DOLLARI, PISTOLE E NUOVI TUMULTI

Lo “spaghetti-western” (termine orrendo) esplose con Per un pugno di dollari, di Sergio Leone, nel ’64. Quel film inaugurò una stagione ricchissima del cinema italiano, cui parteciparono grandi firme (Damiani, Corbucci, Sollima) e artigiani. Ci fu spazio anche per ciarpame privo di ogni valore ma complessivamente il fenomeno propose una faccia della cinematografia italiana interessante e, in alcuni casi, decisamente creativa. Come è felicemente documentato nel libro di Castagna e Graziosi Il western all’italiana.

Le radici del western italiano affondano nel filone classico degli Hawks, dei Mann e soprattutto in quel meraviglioso esempio di western sociale che fu I magnifici sette. Ma la cifra che poi Leone e gli altri diedero ai loro film sarebbe stata definitivamente quella di un cinema realistico, iper-violento, e molto spesso di denuncia (sociale e persino politica), perfettamente dentro i tempi (anni ’60).
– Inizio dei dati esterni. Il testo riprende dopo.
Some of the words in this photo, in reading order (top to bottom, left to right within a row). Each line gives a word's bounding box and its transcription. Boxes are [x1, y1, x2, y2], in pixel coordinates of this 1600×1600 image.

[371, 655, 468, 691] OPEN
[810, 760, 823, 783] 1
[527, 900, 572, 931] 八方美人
Leone, in particolare, sperimentò soluzioni registiche innovative, con un uso inedito dei tempi dilatati (C’era una volta il west), un respiro epico fino a lui sconosciuto dal western (Il buono, il brutto e il cattivo), un registro ironico spiazzante (Per qualche dollaro in più).
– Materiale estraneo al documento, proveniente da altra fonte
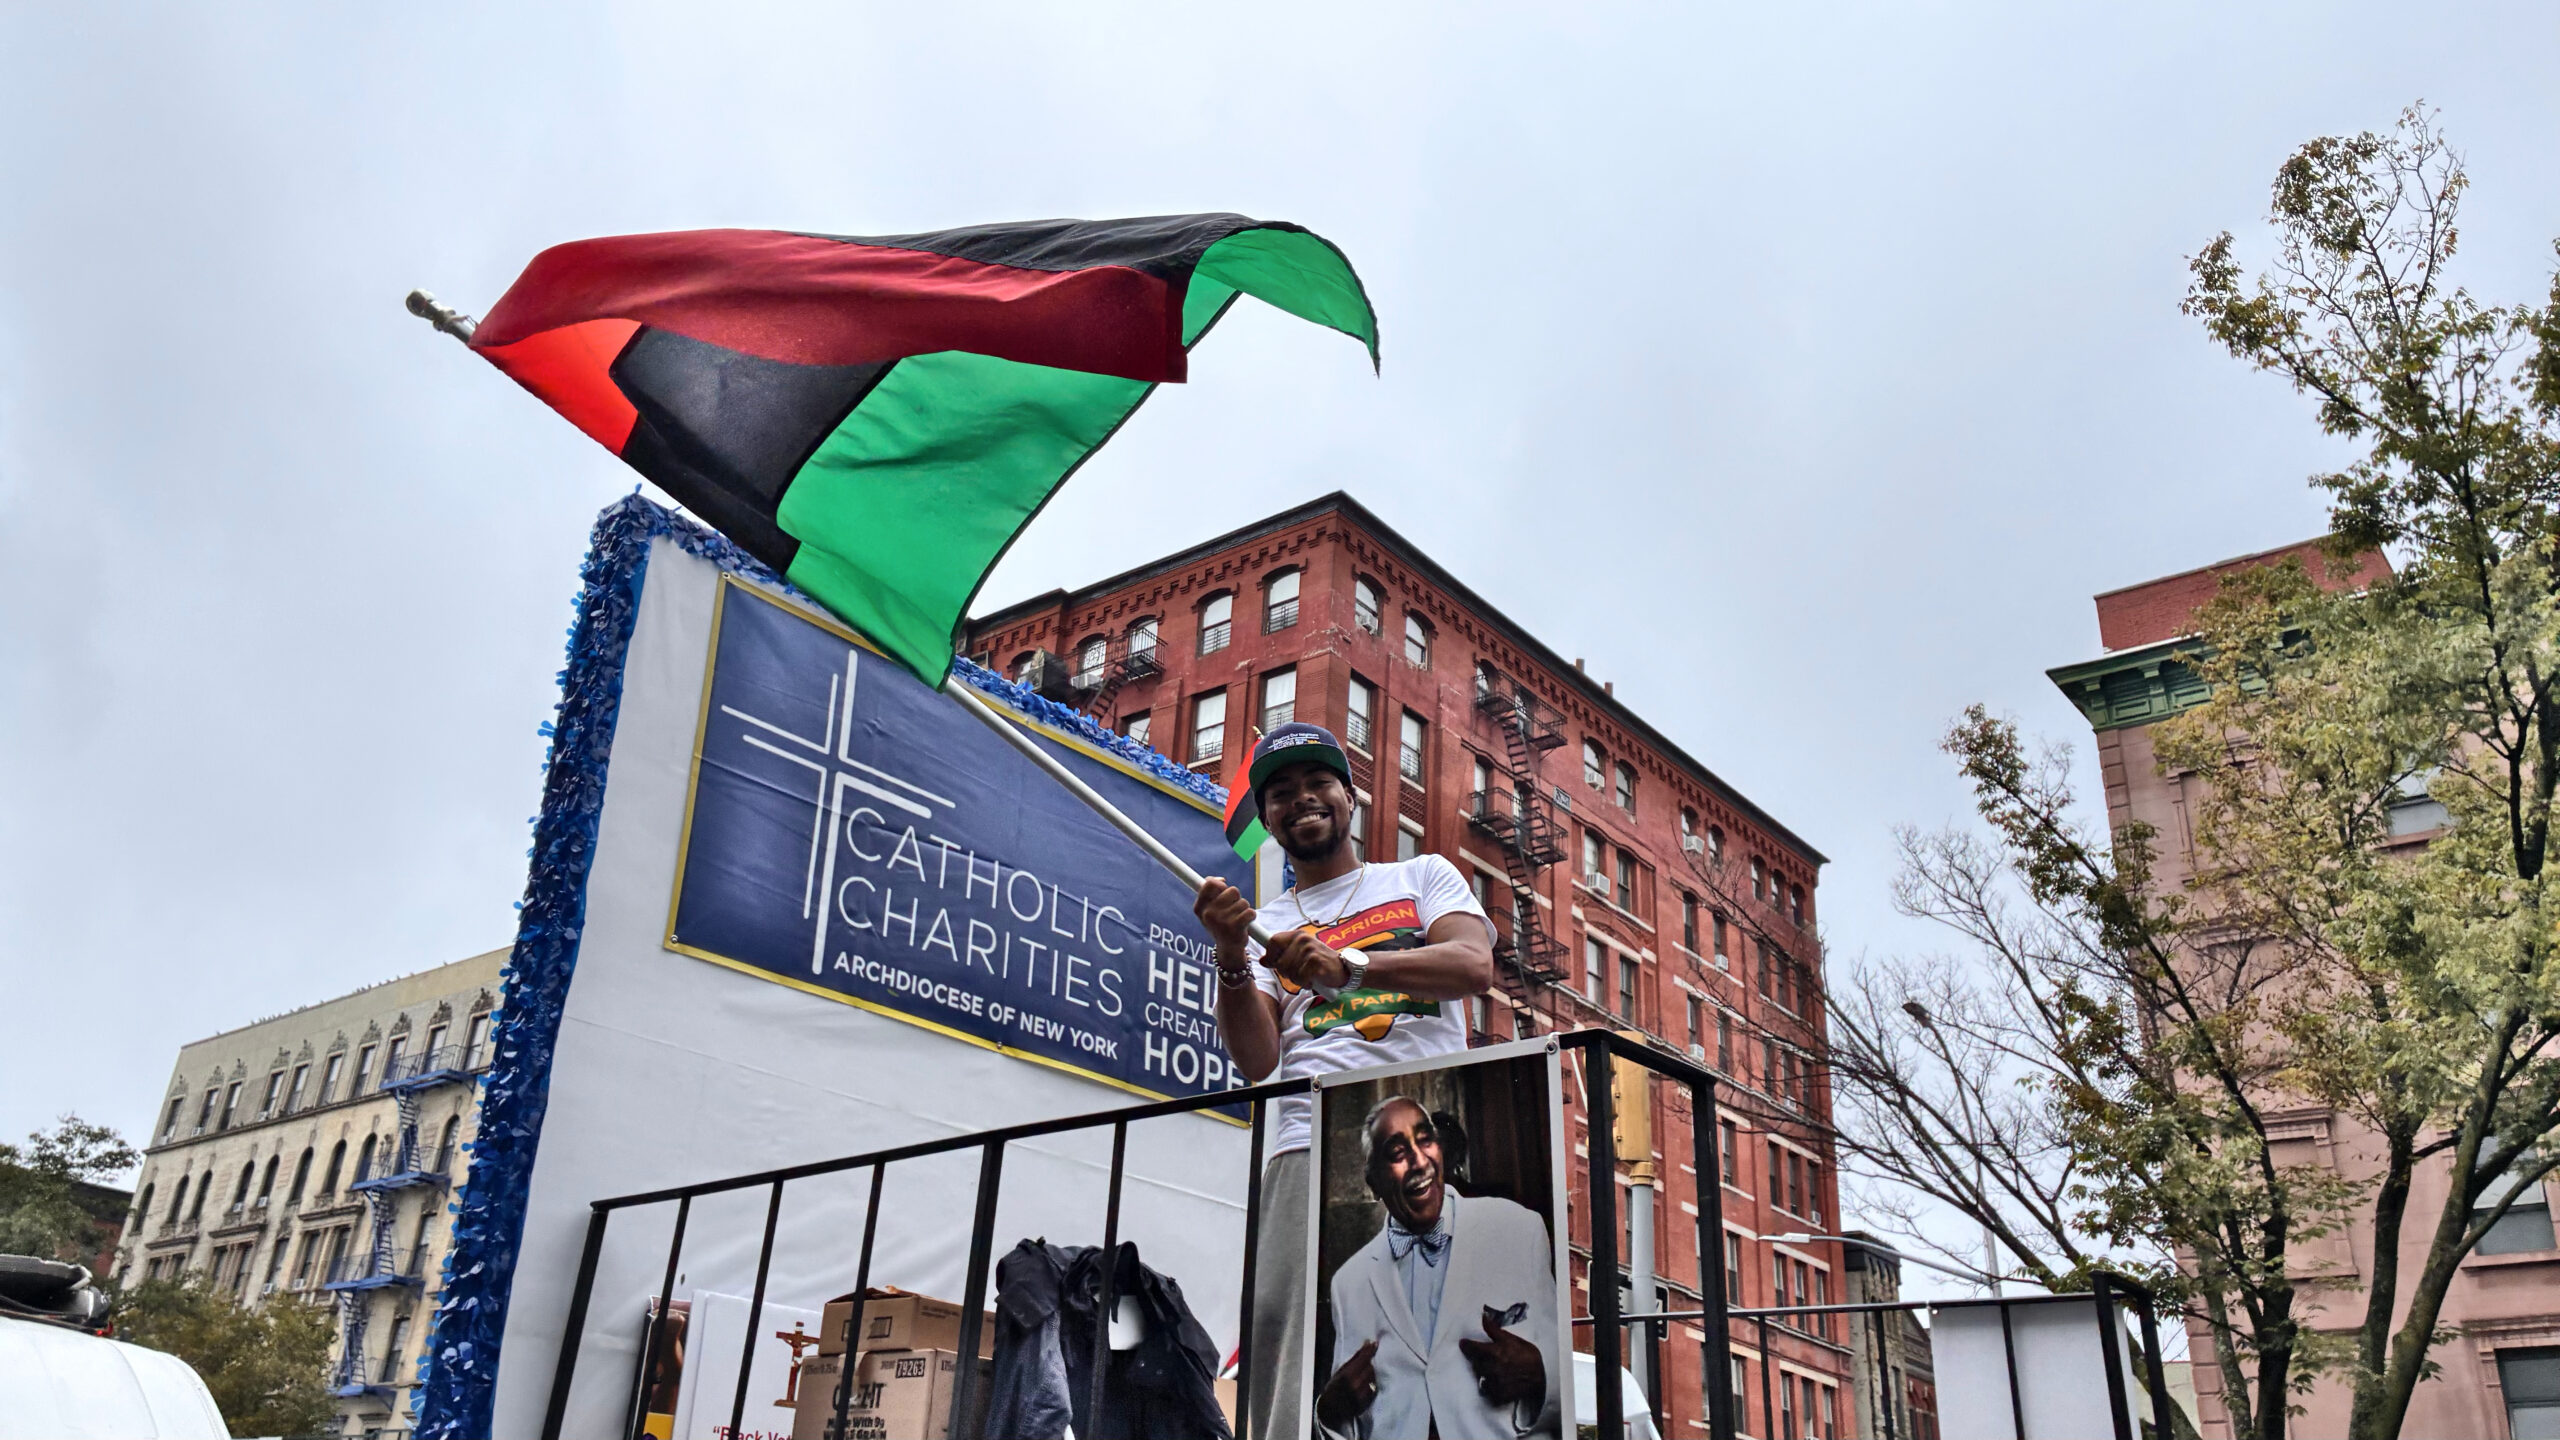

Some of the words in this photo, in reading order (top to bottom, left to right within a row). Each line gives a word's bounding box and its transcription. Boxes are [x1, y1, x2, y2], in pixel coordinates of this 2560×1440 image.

Fra tutti forse spicca proprio Il buono, il brutto e il cattivo, del ’66, un film insieme avvincente e struggente, divertente e profondo, con alcuni momenti indimenticabili come quello del “triello” finale: Clint Eastwood, Lee Van Cleef e Eli Wallach impegnati nella finale resa dei conti.

E’ però assolutamente riconosciuto che i film di Leone, capolavori del cinema mondiale, non avrebbero avuto l’impatto, , la forza evocativa, l’energia emotiva che gi si riconoscono senza la meravigliosa musica di Ennio Morricone, che ha scritto probabilmente le sue pagine migliori proprio durante la collaborazione col regista romano.
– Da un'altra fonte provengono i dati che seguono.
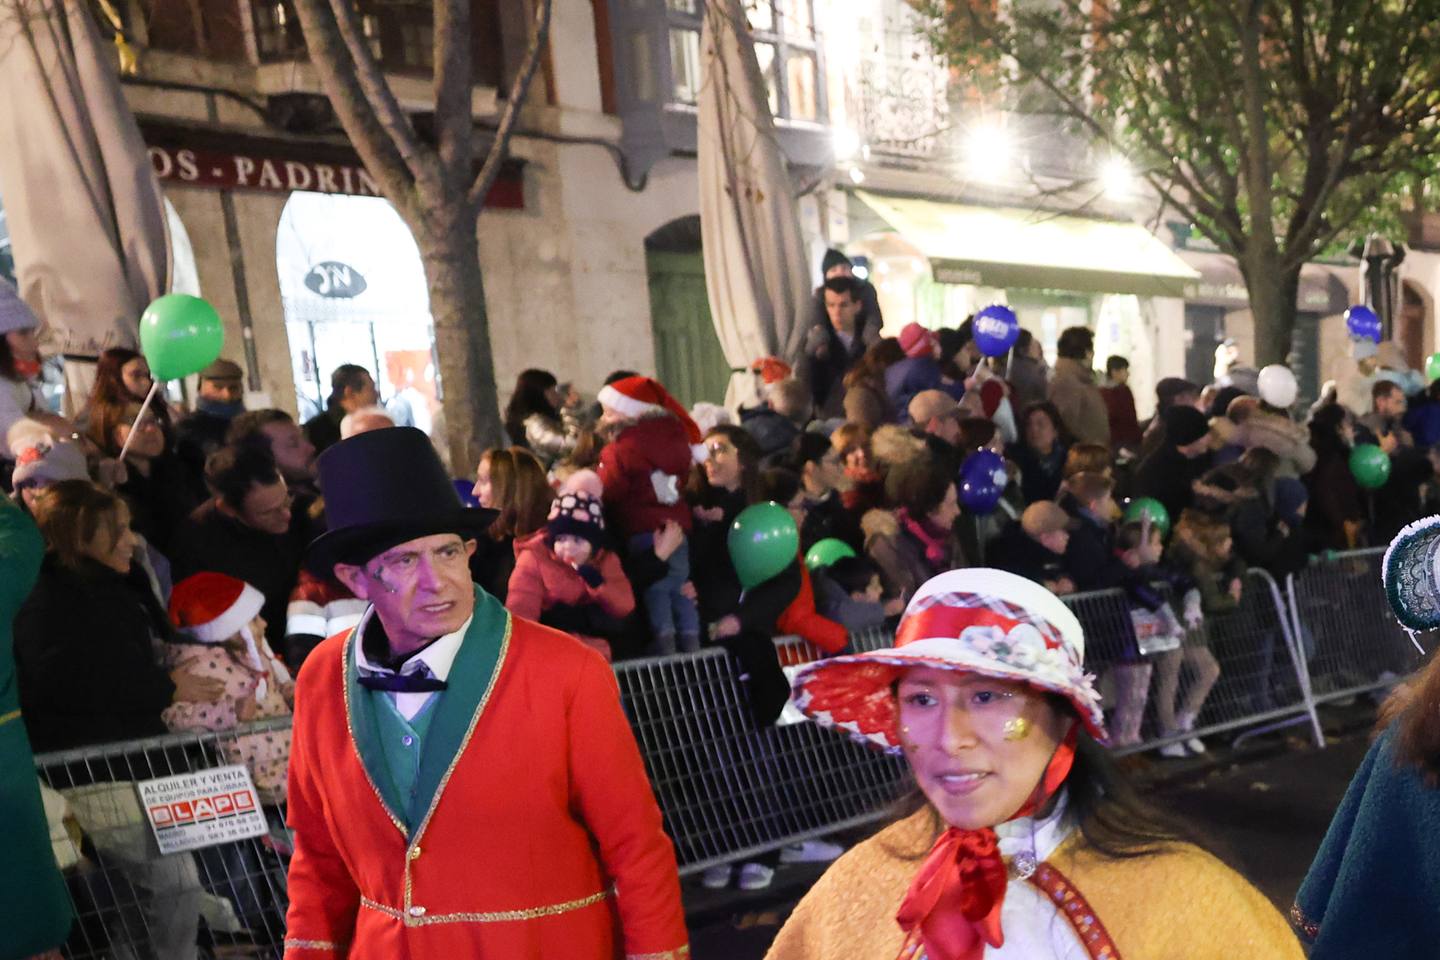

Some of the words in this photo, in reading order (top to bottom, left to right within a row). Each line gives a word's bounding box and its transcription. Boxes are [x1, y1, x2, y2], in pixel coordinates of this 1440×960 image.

[144, 776, 198, 796] ALQUILER
[201, 776, 207, 785] Y
[209, 771, 245, 784] VENTA
[159, 790, 196, 802] EQUIPOS
[197, 786, 219, 796] PARA
[222, 781, 248, 792] OBRAS
Una versione affascinante, raffinata, essenziale della sua opera è quella proposta dal violoncellista cinese Yo Yo Ma, uno dei maggiori strumentisti al mondo, nel suo Plays Morricone,in cui si fa accompagnare dalla Sinfonietta Orchestra di Roma. I temi importanti ci sono tutti, anche quelli che Morricone scrisse per altri registi (Joffe per Mission, ad esempio), ma alla fine sono sempre e solo quelli dei film di Leone che prendono di più allo stomaco e fanno rizzare i peli in corpo: fra tutti il tema principale di C’era una volta il west (una melodia struggente e, appunto, epica) e – ancora – il motivo che accompagna la scena del triello in Il buono il brutto e il cattivo, probabilmente lo zenith dell’arte di Morricone, con la sua descrittività western bagnata nell’intensità assoluta della melodia e il crescendo dinamico che moltiplica la forza della sequenza.

Yo Yo Ma ne dà un’interpretazione emozionante.